■ **Task objective**: Begin with the line containing "this 1280×1707 image." and copy each line exactly through the last line of the entries, inclusive.

(Extracted records)

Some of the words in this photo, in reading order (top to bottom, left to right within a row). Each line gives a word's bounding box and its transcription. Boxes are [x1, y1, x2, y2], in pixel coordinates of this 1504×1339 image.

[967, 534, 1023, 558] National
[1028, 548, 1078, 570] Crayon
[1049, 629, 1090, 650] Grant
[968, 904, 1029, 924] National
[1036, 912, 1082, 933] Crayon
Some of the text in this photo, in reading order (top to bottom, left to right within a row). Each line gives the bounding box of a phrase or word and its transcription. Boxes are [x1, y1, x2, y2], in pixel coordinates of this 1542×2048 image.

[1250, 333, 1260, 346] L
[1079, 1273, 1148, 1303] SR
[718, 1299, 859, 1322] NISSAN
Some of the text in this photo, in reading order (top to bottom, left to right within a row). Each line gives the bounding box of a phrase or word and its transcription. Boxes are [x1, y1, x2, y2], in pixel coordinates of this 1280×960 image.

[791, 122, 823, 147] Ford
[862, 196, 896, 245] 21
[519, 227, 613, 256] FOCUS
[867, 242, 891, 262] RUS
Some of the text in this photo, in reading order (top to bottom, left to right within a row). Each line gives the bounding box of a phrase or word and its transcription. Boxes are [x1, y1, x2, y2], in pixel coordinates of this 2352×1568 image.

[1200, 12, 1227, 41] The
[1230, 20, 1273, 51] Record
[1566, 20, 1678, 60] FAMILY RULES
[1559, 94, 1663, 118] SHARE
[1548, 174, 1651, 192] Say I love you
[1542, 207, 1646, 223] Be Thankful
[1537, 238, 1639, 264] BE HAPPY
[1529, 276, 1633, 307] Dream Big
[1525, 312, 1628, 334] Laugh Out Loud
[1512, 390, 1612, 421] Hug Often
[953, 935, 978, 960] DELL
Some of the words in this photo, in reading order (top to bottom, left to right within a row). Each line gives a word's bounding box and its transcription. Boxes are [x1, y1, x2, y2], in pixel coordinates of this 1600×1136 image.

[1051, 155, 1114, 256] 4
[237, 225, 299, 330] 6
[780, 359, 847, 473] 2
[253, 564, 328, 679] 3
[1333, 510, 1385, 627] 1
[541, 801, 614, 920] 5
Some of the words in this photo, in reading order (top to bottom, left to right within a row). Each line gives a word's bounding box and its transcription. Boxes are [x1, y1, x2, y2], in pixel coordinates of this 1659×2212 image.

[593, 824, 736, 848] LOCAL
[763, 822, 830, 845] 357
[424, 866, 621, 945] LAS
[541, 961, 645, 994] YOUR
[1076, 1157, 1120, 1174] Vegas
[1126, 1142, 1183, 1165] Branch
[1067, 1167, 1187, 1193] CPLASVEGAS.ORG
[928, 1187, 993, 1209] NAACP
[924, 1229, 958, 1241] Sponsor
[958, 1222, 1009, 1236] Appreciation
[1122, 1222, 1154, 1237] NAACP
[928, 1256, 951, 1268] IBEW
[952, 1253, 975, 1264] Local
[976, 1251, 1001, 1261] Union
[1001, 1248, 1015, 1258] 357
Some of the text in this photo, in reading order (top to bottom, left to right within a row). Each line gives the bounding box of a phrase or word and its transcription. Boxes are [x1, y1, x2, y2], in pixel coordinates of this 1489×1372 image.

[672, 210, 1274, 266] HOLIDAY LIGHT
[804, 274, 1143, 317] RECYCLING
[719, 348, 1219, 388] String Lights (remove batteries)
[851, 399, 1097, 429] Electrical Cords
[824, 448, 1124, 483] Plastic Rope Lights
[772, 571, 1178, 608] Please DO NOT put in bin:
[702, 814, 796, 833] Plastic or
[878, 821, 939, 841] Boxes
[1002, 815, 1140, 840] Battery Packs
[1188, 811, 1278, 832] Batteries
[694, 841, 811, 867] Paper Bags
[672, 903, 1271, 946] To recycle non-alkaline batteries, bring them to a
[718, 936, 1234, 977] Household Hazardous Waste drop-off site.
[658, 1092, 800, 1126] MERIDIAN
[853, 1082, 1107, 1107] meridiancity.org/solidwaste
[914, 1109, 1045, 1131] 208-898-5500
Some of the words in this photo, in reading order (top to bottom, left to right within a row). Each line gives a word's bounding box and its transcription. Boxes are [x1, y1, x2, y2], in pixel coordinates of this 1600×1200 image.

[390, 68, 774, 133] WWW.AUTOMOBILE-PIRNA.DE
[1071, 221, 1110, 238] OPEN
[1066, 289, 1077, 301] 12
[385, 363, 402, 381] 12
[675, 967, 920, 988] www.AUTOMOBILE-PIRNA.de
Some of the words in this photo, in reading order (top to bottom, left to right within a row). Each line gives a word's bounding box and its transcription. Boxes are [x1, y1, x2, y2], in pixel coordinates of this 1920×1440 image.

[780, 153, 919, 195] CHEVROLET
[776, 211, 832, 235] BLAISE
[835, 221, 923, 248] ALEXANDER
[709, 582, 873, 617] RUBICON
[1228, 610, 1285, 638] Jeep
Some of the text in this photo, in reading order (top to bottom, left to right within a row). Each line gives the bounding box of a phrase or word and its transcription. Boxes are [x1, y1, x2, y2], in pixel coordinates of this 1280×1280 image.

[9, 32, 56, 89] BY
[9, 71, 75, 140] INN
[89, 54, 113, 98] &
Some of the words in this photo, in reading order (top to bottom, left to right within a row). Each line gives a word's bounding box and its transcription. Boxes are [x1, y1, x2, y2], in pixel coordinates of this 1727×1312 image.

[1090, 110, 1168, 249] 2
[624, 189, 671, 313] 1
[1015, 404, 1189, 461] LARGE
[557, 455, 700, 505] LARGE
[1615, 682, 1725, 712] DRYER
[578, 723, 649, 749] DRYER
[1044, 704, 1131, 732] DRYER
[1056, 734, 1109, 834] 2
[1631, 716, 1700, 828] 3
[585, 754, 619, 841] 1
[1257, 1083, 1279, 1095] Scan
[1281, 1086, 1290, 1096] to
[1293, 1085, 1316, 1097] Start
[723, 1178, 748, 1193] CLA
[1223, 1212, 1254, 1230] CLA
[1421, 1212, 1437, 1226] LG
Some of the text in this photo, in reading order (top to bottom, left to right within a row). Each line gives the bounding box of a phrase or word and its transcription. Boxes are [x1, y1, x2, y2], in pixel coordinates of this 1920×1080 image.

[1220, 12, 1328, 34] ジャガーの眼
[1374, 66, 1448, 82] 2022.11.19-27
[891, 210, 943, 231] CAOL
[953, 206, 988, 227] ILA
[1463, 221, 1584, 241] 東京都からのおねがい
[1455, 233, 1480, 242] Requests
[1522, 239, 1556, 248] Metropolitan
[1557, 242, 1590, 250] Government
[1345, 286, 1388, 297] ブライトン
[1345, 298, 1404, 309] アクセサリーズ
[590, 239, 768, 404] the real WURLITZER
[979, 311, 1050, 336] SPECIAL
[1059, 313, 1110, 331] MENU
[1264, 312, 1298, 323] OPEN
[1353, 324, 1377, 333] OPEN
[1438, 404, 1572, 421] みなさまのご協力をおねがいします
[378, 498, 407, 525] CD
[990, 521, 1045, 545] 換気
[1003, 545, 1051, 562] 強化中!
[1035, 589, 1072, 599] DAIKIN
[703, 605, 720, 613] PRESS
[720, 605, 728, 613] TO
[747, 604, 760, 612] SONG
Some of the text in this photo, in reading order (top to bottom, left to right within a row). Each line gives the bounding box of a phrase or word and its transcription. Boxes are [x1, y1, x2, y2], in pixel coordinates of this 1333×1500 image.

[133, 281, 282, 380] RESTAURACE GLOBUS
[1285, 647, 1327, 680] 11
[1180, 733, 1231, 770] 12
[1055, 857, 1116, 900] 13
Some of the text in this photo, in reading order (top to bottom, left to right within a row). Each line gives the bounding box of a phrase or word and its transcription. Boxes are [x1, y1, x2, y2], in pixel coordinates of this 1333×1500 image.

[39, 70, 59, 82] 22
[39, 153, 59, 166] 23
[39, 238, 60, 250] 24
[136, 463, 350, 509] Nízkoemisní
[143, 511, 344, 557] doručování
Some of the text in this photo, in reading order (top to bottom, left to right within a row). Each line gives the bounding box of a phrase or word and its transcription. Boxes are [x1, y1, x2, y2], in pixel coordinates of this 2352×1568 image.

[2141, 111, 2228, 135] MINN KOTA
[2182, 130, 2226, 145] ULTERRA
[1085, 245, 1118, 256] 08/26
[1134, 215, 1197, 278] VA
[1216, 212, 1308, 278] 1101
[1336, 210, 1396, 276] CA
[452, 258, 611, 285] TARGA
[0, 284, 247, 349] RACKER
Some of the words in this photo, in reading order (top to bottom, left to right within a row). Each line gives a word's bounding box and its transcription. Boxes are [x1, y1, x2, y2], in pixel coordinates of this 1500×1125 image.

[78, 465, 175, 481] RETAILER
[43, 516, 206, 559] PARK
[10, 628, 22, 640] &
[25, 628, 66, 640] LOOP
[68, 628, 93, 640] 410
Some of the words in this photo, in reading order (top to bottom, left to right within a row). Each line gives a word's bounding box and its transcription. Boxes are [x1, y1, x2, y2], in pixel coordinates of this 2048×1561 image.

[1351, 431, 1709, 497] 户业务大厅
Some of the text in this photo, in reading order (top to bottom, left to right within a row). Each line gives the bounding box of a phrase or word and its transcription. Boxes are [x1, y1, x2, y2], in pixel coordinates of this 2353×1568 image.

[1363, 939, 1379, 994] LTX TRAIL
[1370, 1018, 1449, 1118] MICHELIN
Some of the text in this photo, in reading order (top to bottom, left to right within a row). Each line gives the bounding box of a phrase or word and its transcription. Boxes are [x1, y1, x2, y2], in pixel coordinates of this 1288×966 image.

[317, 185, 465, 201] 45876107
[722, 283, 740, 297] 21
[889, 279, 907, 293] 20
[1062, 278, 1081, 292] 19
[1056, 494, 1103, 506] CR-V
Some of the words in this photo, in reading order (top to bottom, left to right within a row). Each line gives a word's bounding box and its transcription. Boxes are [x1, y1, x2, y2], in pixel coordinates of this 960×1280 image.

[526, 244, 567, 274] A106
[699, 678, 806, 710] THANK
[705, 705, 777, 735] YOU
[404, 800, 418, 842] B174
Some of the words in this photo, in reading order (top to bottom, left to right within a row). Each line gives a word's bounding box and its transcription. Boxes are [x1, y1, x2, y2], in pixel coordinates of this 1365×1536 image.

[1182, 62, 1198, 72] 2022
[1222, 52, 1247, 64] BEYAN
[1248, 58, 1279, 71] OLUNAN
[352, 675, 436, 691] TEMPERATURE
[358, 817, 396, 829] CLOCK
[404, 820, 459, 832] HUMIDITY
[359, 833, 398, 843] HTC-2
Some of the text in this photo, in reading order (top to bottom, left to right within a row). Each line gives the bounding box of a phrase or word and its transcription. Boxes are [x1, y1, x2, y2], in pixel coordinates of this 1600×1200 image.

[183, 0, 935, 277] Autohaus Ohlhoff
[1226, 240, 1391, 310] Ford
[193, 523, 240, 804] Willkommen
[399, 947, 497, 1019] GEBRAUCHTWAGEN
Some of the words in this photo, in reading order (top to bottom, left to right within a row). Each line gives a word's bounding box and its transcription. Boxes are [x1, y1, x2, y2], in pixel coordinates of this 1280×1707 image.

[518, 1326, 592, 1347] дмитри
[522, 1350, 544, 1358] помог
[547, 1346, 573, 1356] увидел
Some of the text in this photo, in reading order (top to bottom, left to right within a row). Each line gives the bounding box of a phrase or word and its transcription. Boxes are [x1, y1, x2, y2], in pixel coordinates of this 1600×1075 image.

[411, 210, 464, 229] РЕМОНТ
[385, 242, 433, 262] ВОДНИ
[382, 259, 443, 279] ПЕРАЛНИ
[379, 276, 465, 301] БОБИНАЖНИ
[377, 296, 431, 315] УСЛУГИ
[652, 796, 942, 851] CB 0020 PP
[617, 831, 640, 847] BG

■ **Completed task**:
Some of the words in this photo, in reading order (top to bottom, left to right within a row). Each line gives a word's bounding box and its transcription. Boxes are [x1, y1, x2, y2], in pixel coordinates of this 1280×1707 image.

[518, 1326, 592, 1347] дмитри
[522, 1350, 544, 1358] помог
[547, 1346, 573, 1356] увидел
Some of the text in this photo, in reading order (top to bottom, left to right within a row). Each line gives the bounding box of a phrase or word and its transcription. Boxes are [x1, y1, x2, y2], in pixel coordinates of this 1600×1075 image.

[411, 210, 464, 229] РЕМОНТ
[385, 242, 433, 262] ВОДНИ
[382, 259, 443, 279] ПЕРАЛНИ
[379, 276, 465, 301] БОБИНАЖНИ
[377, 296, 431, 315] УСЛУГИ
[652, 796, 942, 851] CB 0020 PP
[617, 831, 640, 847] BG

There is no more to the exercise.